Task details
Note the line containing "Some of the text"; from it through the last line below, give only those lines again, exactly, both ends included, skipping pictures.

[Free-text object descriptions]
- - -

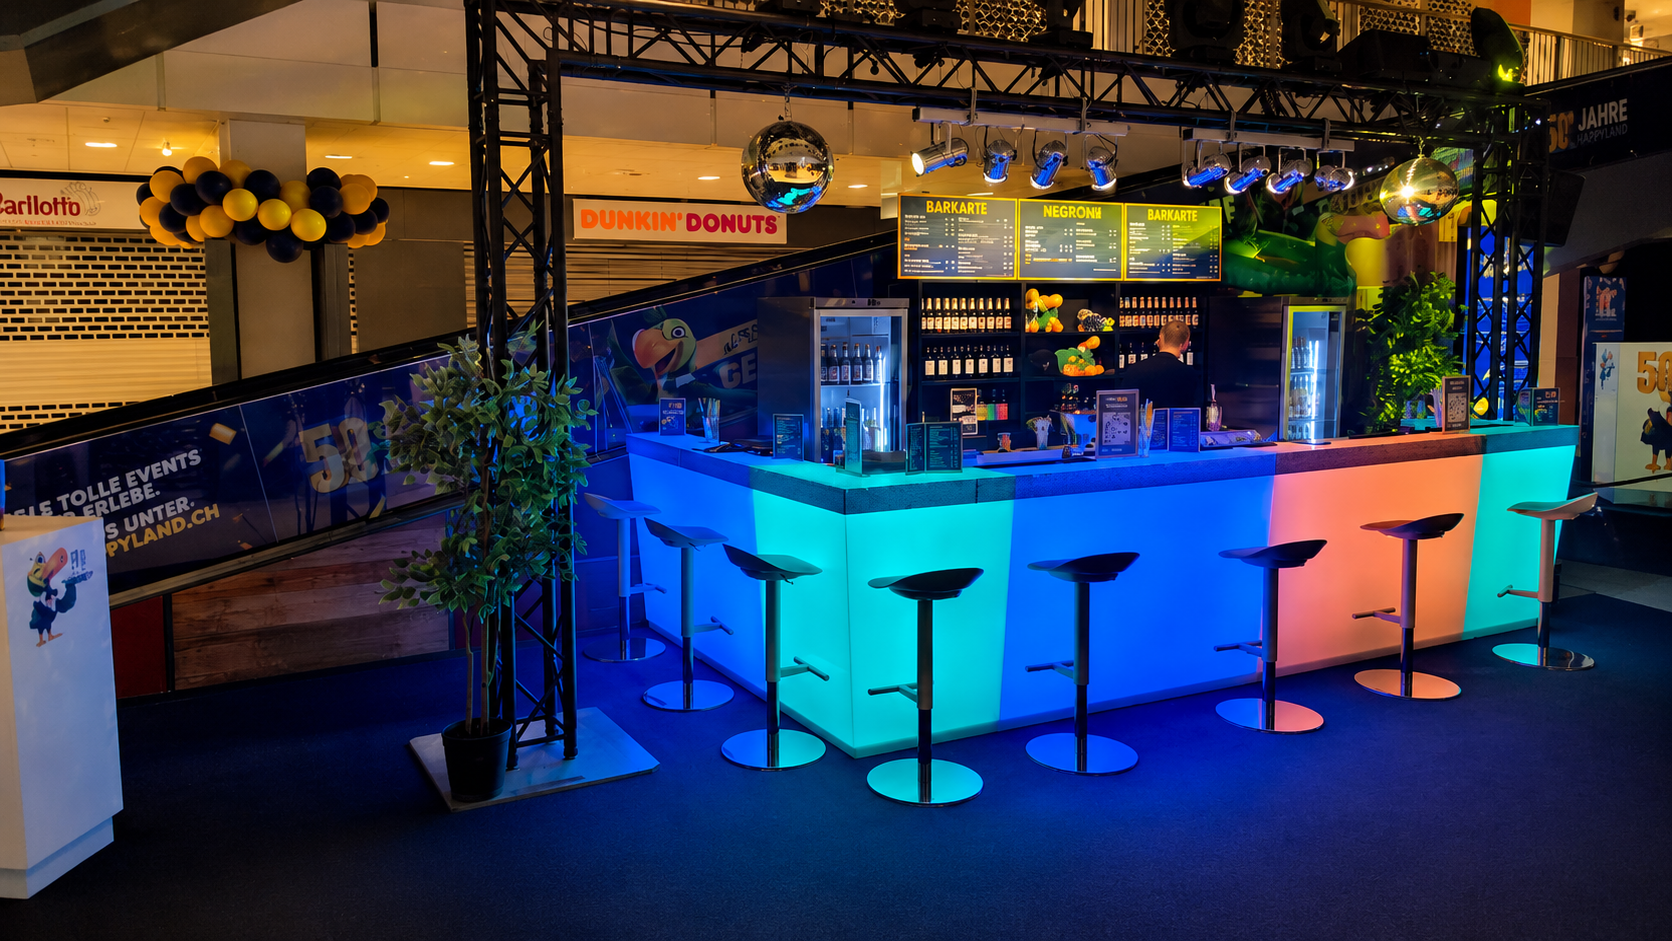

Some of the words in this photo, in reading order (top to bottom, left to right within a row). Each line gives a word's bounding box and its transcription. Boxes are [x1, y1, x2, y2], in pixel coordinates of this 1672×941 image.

[1577, 97, 1628, 132] JAHRE
[1576, 123, 1629, 146] HAPPYLAND
[0, 192, 81, 216] arilotto
[580, 208, 683, 232] DUNKIN'
[686, 212, 778, 235] DONUTS
[926, 200, 988, 215] BARKARTE
[1147, 208, 1198, 222] BARKARTE
[1637, 351, 1672, 394] 50
[57, 476, 121, 511] TOLLE
[125, 449, 201, 490] EVENTS
[83, 482, 161, 517] ERLEBE.
[124, 496, 195, 533] UNTER.
[106, 503, 220, 558] PYLAND.CH
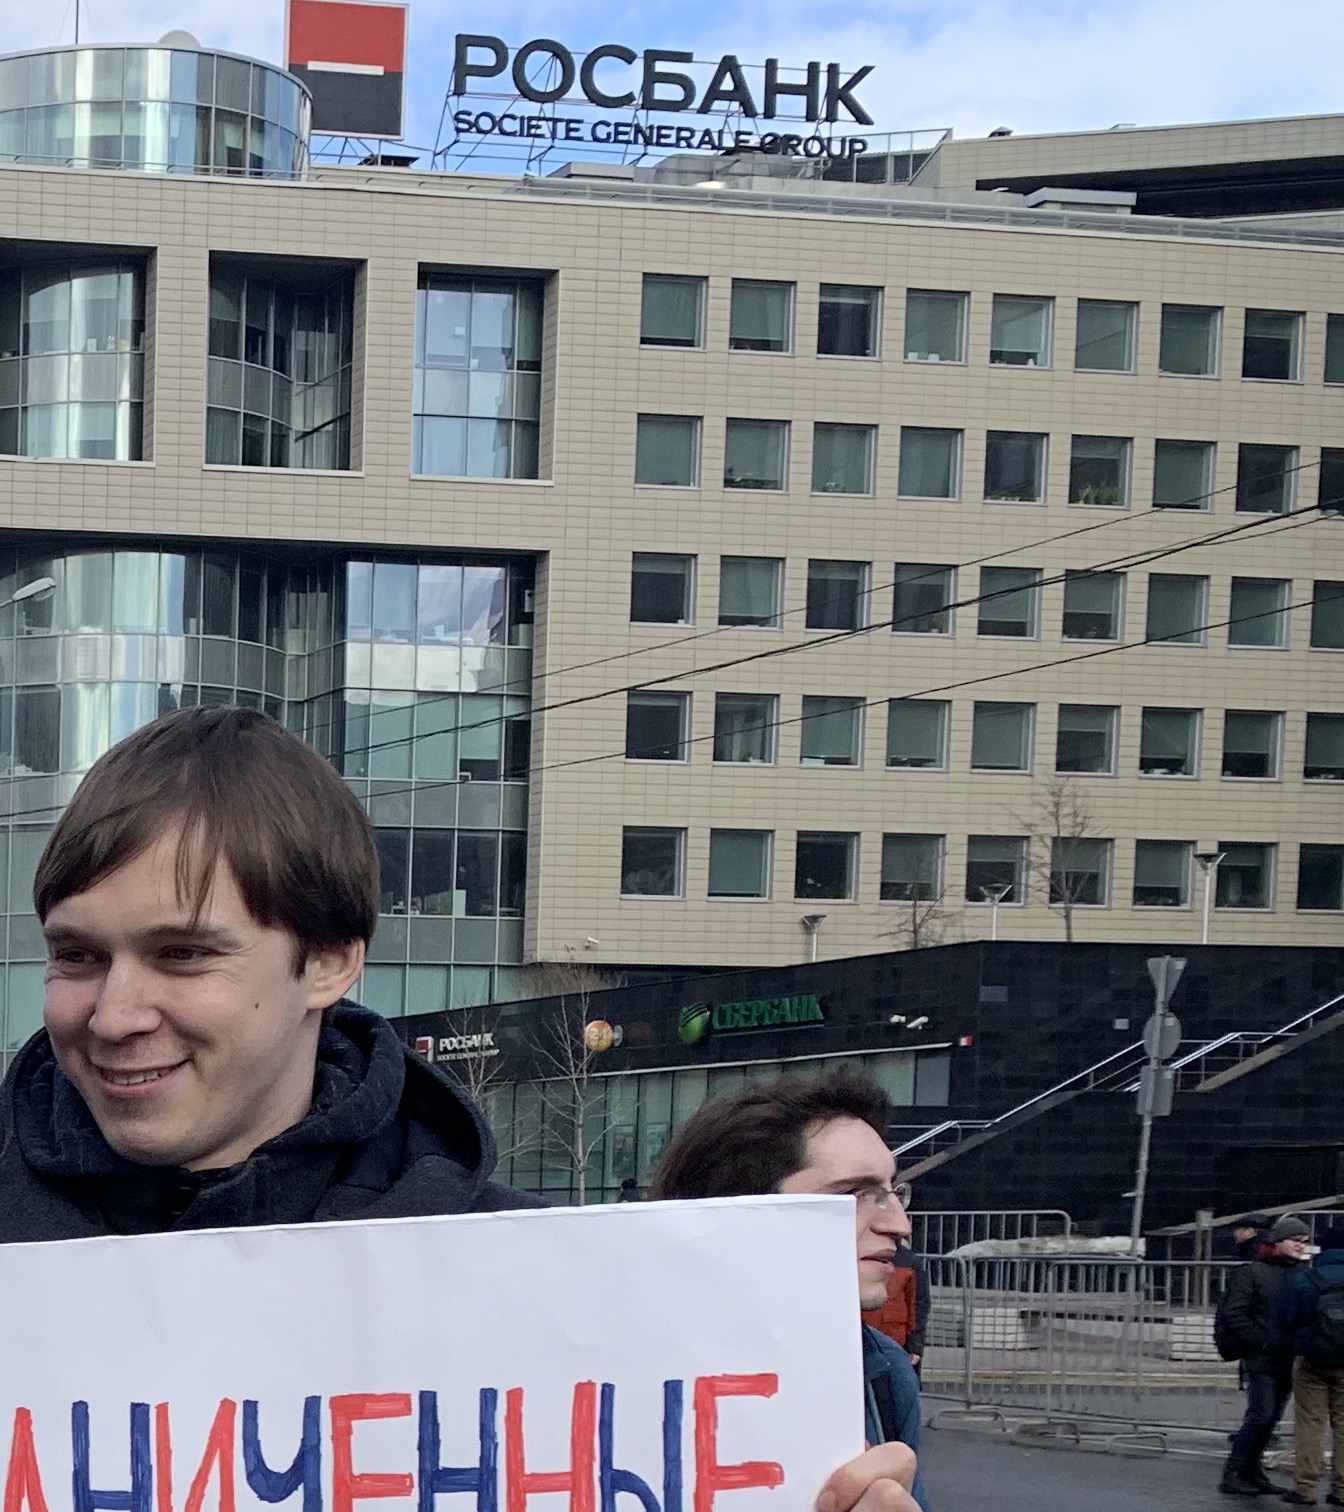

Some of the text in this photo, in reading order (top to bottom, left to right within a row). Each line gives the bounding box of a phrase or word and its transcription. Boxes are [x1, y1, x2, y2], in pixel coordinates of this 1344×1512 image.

[454, 33, 876, 126] РОСБАНК
[454, 109, 869, 160] SOCIETE GENERALE GROUP
[713, 994, 825, 1029] СБЕРБАНК
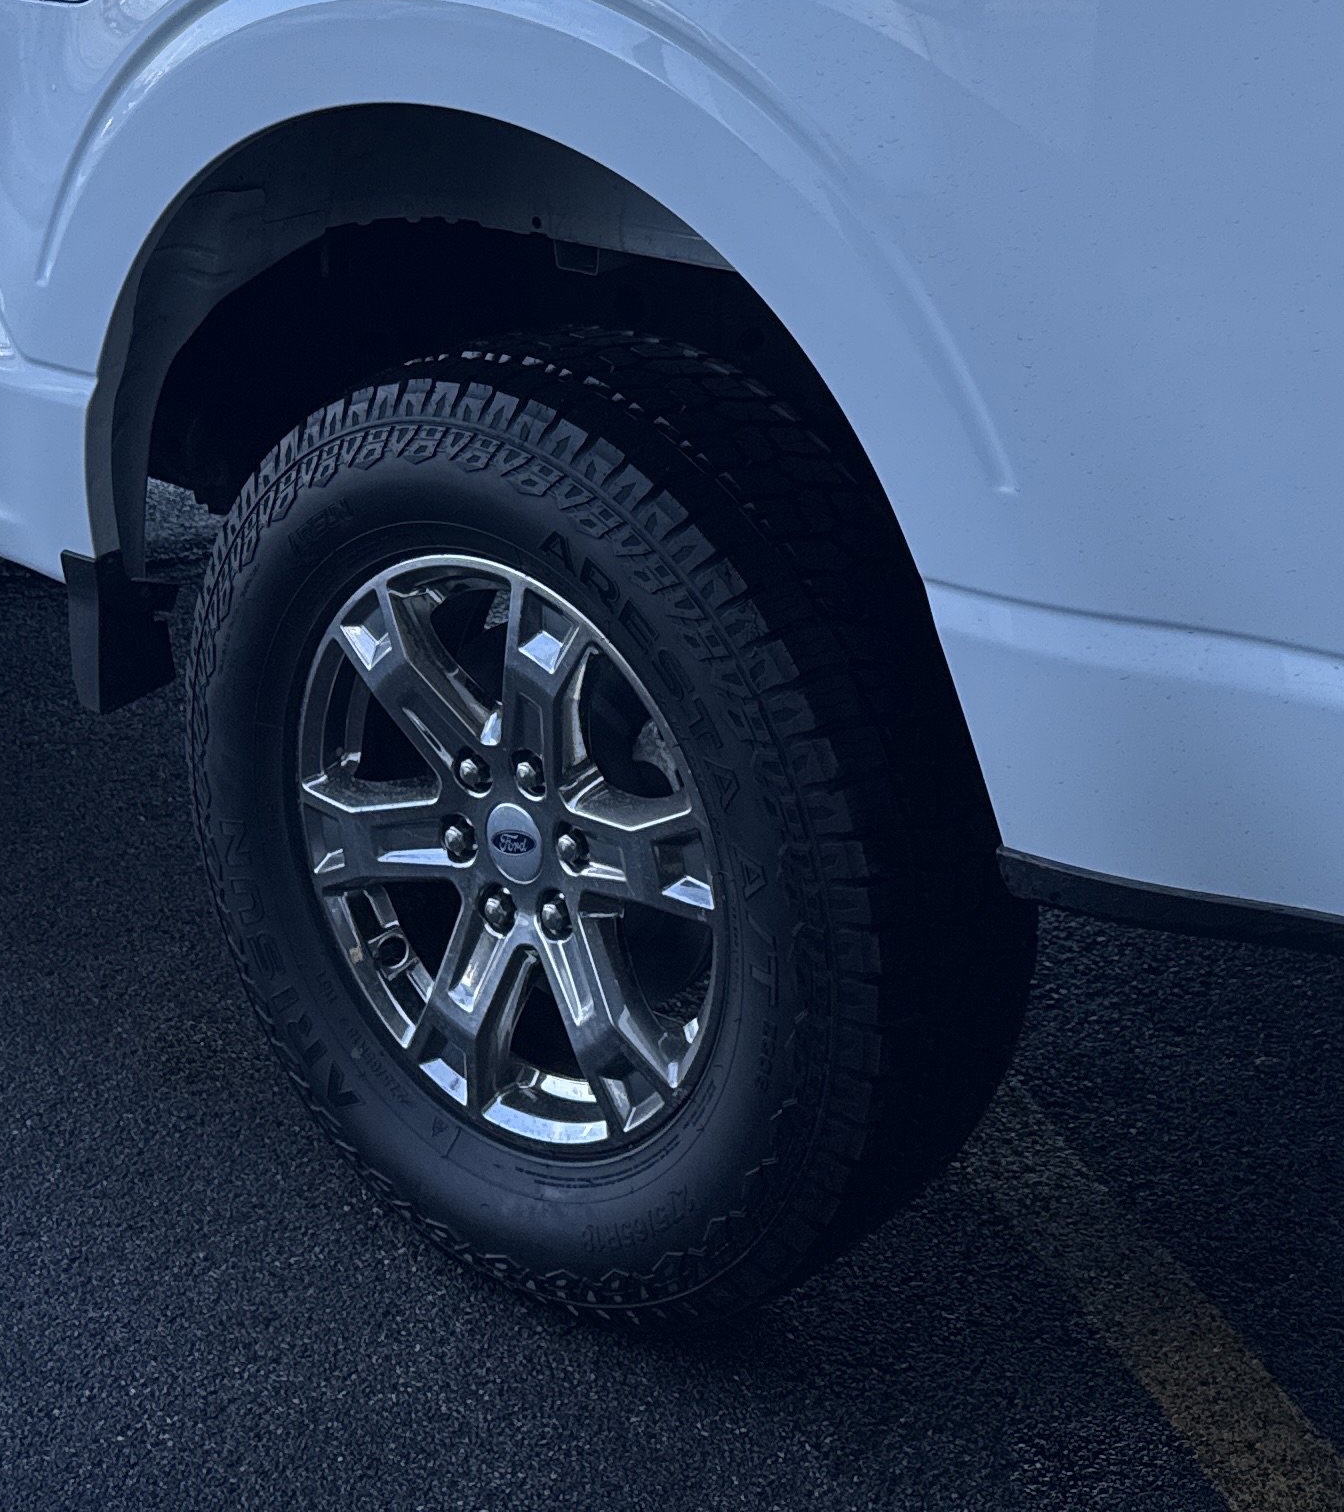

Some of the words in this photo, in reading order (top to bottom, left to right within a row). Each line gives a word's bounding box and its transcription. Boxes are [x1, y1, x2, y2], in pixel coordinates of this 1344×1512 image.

[538, 530, 742, 814] ARESTA
[218, 819, 361, 1108] ARISUN
[499, 833, 527, 852] Ford

- - -

Solution below
Some of the text in this photo, in reading order (top to bottom, left to right within a row). Each line gives the bounding box of a phrase or word and its transcription. Boxes are [x1, y1, x2, y2], in pixel coordinates of this 1344×1512 image.

[454, 33, 876, 126] РОСБАНК
[454, 109, 869, 160] SOCIETE GENERALE GROUP
[713, 994, 825, 1029] СБЕРБАНК

Some of the words in this photo, in reading order (top to bottom, left to right within a row). Each line gives a word's bounding box and its transcription. Boxes are [x1, y1, x2, y2], in pixel coordinates of this 1344×1512 image.

[538, 530, 742, 814] ARESTA
[218, 819, 361, 1108] ARISUN
[499, 833, 527, 852] Ford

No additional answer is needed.